**WORK ITEM**.
Give the data below again exactly as written, but without the pictures.

**LISTED RECORDS**.
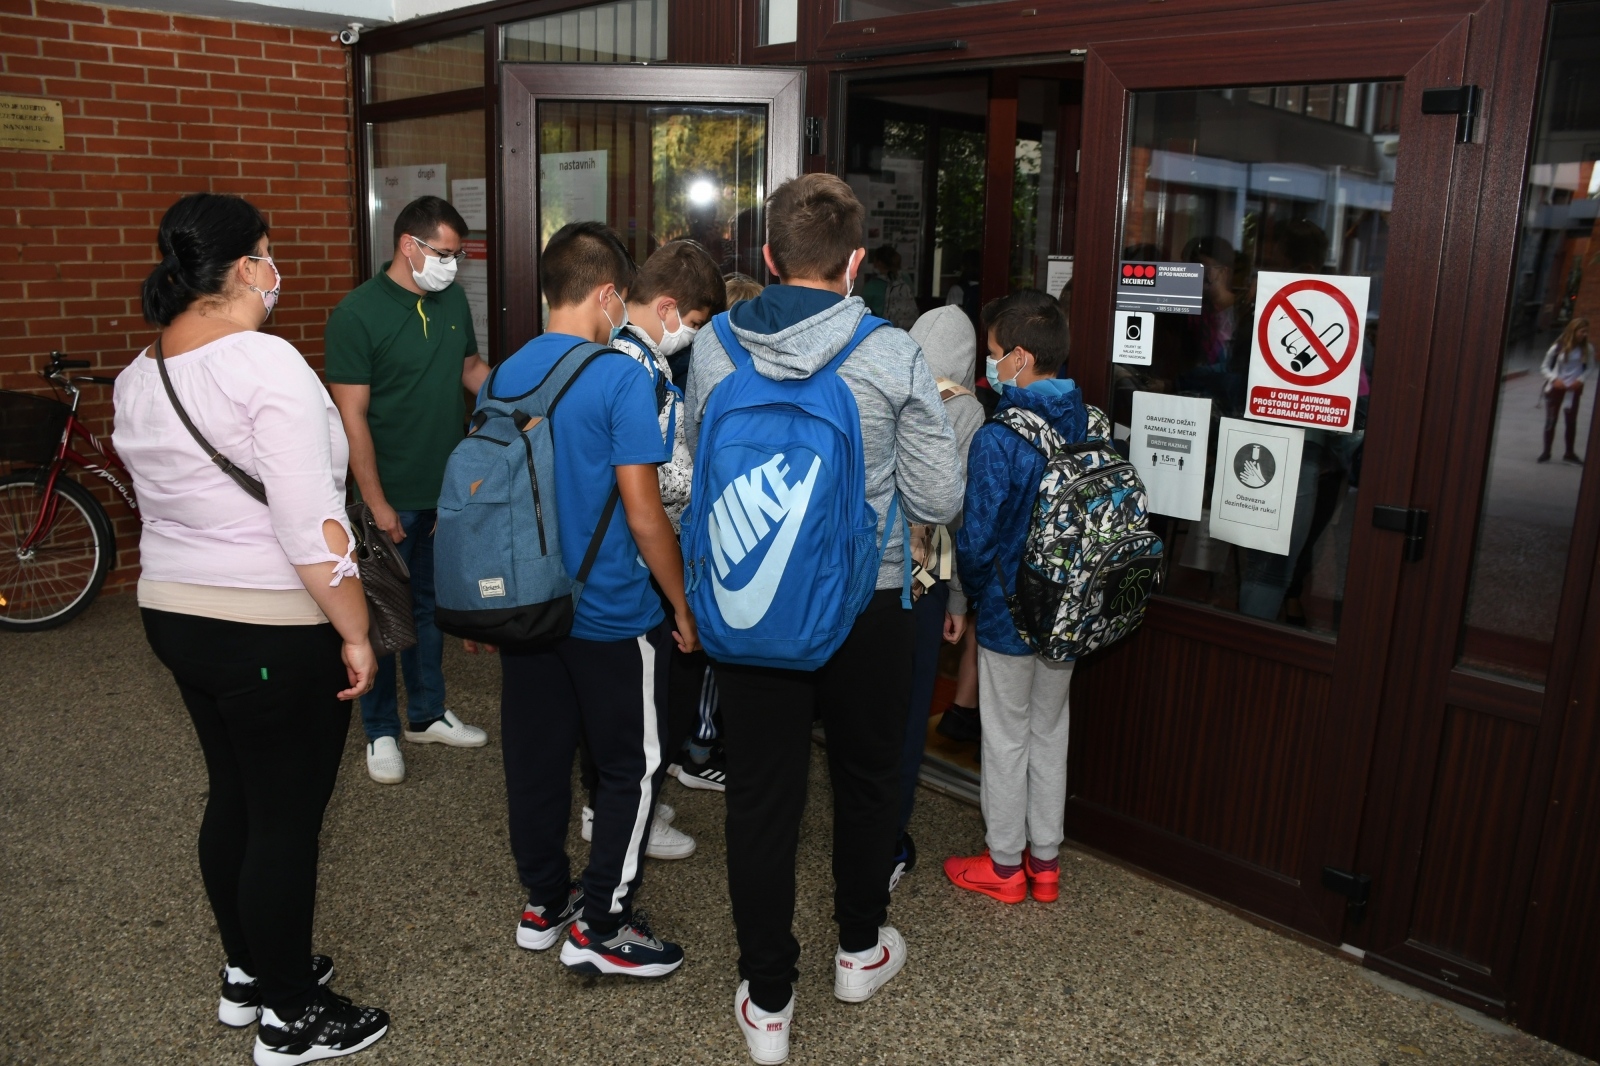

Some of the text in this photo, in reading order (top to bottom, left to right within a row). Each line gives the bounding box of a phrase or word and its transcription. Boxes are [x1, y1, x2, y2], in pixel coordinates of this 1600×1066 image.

[559, 157, 596, 171] nastavnih
[417, 168, 436, 180] drugih
[1122, 278, 1155, 286] SECURITAS
[1270, 391, 1331, 406] U OVOM JAVNOM
[1253, 397, 1291, 409] PROSTORU
[1300, 403, 1347, 416] POTPUNOSTI
[1146, 415, 1196, 427] OBAVEZNO DRŽATI
[1267, 407, 1314, 420] ZABRANJENO
[1316, 413, 1341, 424] PUŠITI
[1144, 424, 1197, 437] RAZMAK 1,5 METAR
[1150, 439, 1188, 450] DRŽITE RAZMAK
[97, 469, 137, 509] DOUGLAS
[1224, 499, 1259, 512] dezinfekcija
[1236, 493, 1266, 505] Obavezna
[708, 452, 801, 581] NIKE
[839, 958, 854, 970] NIKE
[766, 1021, 783, 1032] NIKE
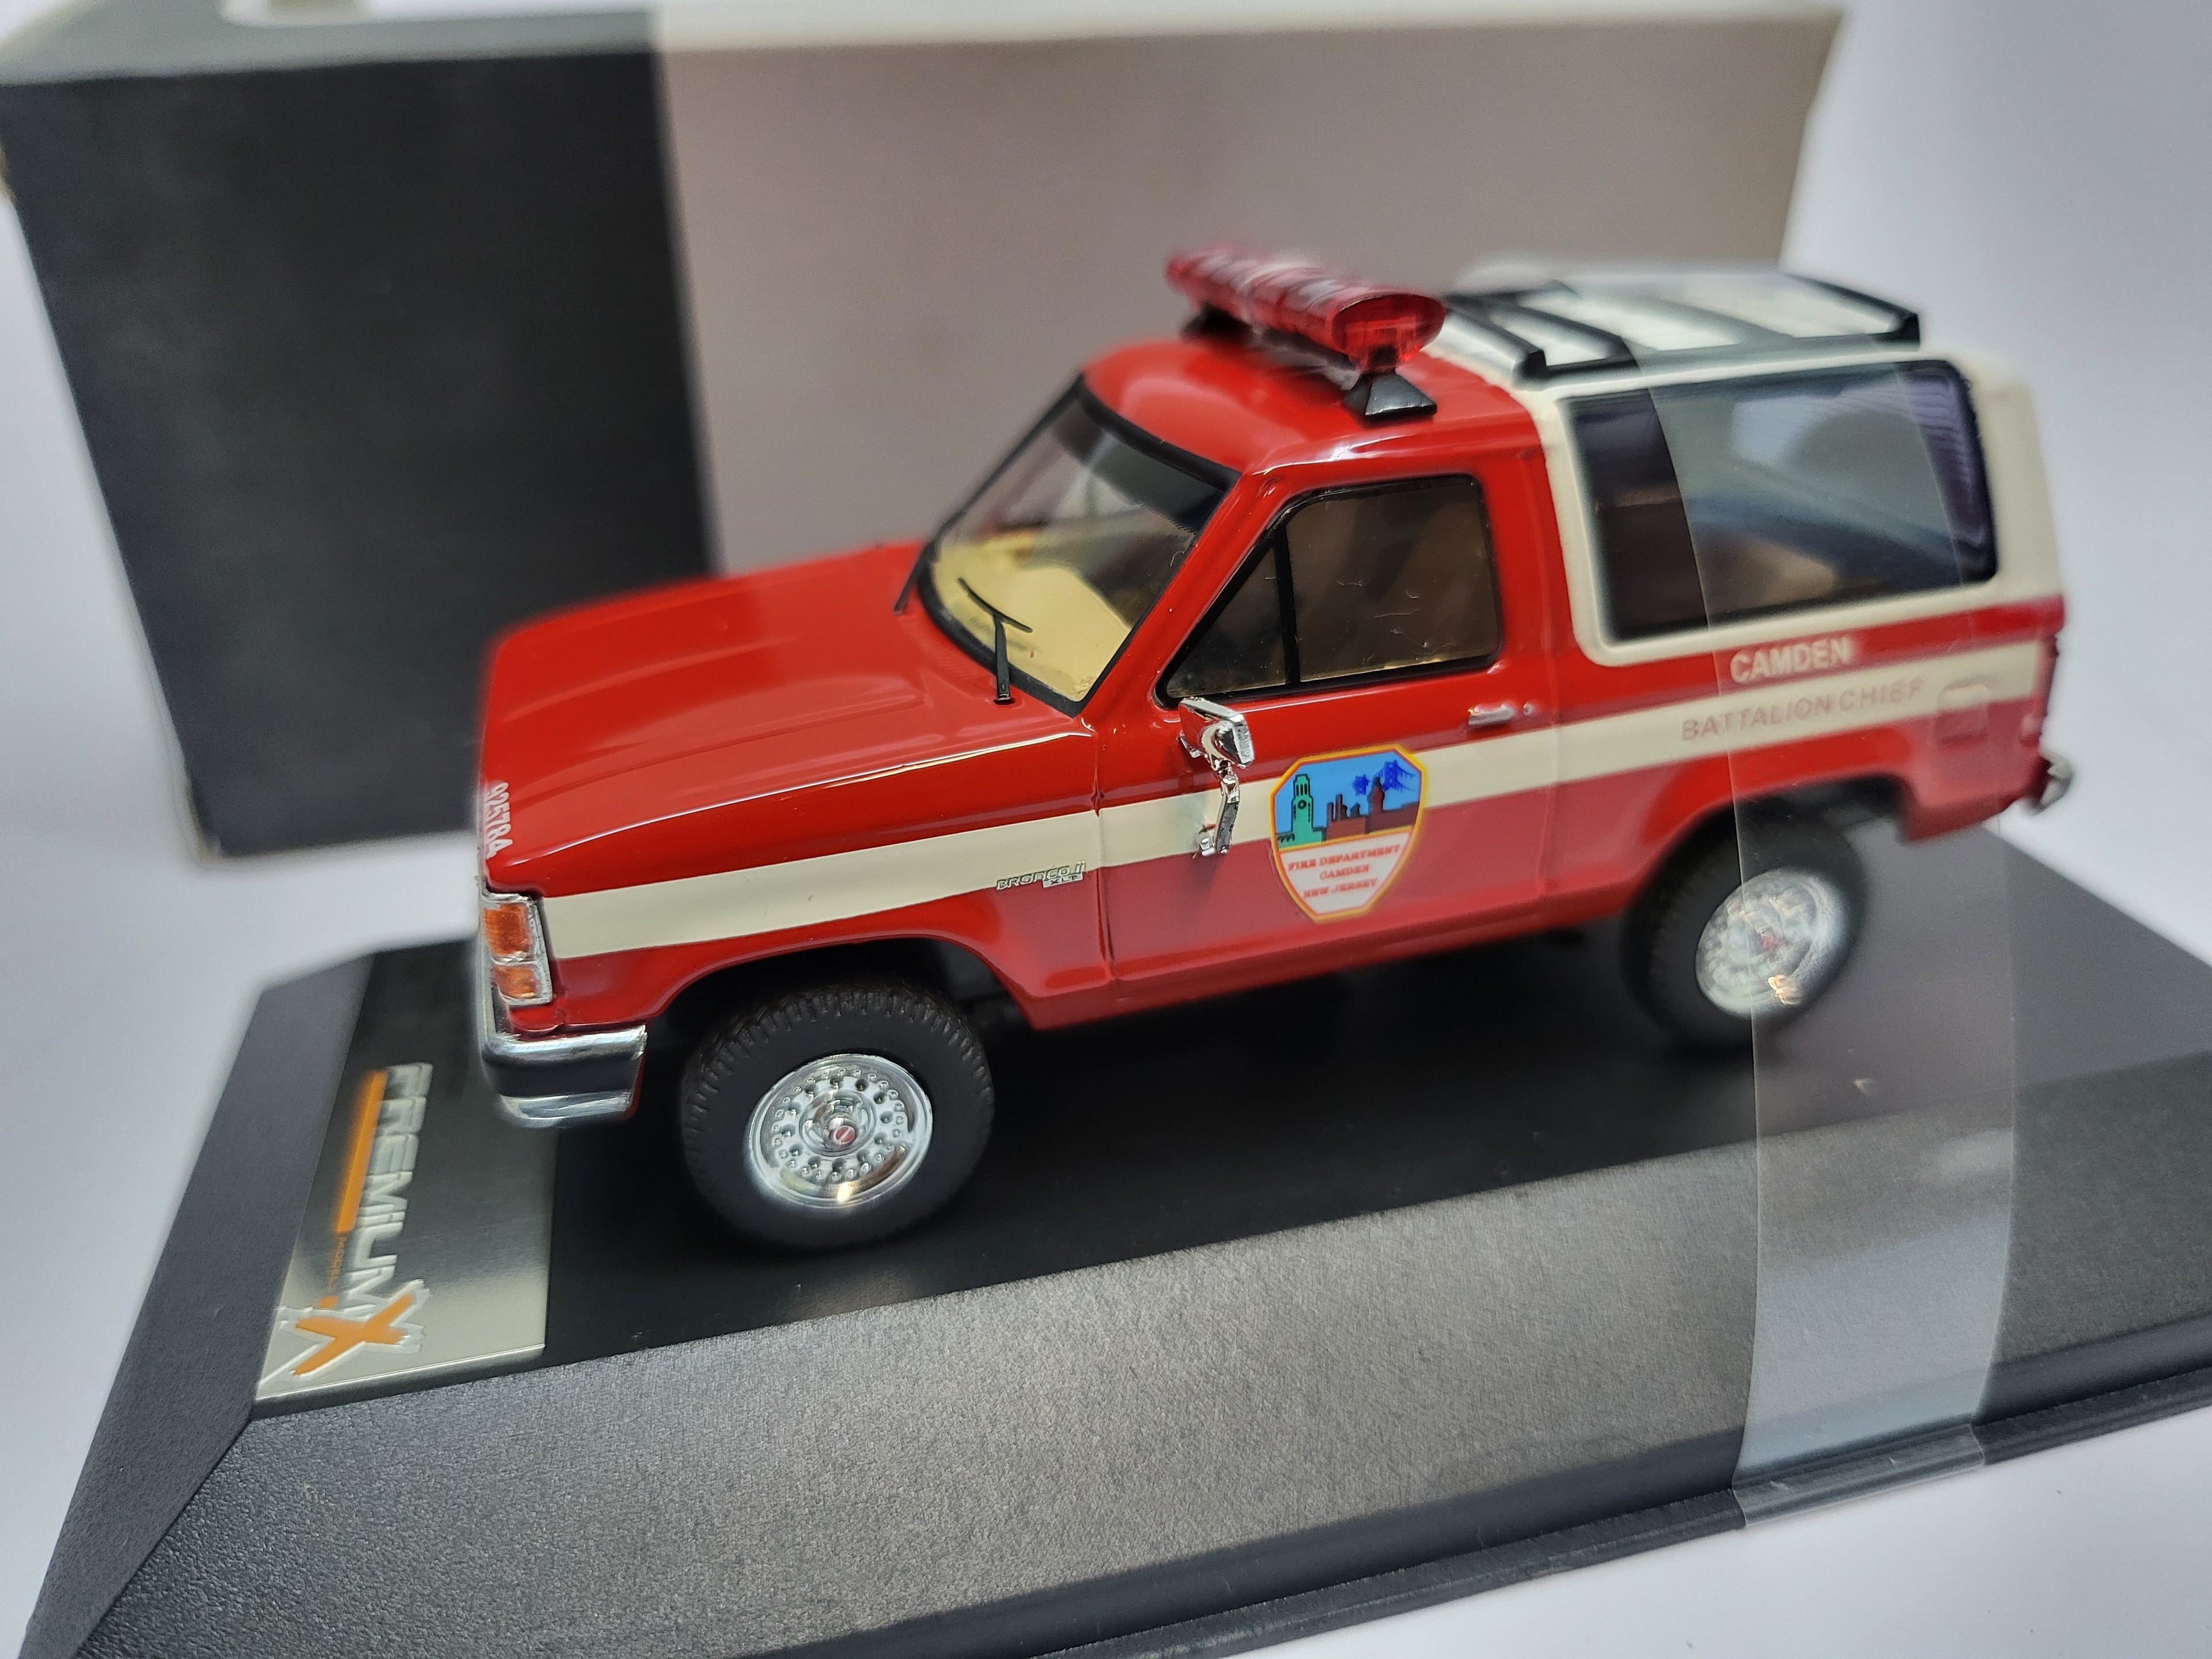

**SOLUTION**.
Some of the text in this photo, in reading order (top to bottom, left to right within a row). Each line gives the bounding box of a phrase or word and its transcription. Boxes are [x1, y1, x2, y2], in pixel coordinates of this 1600×1066 image.

[559, 157, 596, 171] nastavnih
[417, 168, 436, 180] drugih
[1122, 278, 1155, 286] SECURITAS
[1270, 391, 1331, 406] U OVOM JAVNOM
[1253, 397, 1291, 409] PROSTORU
[1300, 403, 1347, 416] POTPUNOSTI
[1146, 415, 1196, 427] OBAVEZNO DRŽATI
[1267, 407, 1314, 420] ZABRANJENO
[1316, 413, 1341, 424] PUŠITI
[1144, 424, 1197, 437] RAZMAK 1,5 METAR
[1150, 439, 1188, 450] DRŽITE RAZMAK
[97, 469, 137, 509] DOUGLAS
[1224, 499, 1259, 512] dezinfekcija
[1236, 493, 1266, 505] Obavezna
[708, 452, 801, 581] NIKE
[839, 958, 854, 970] NIKE
[766, 1021, 783, 1032] NIKE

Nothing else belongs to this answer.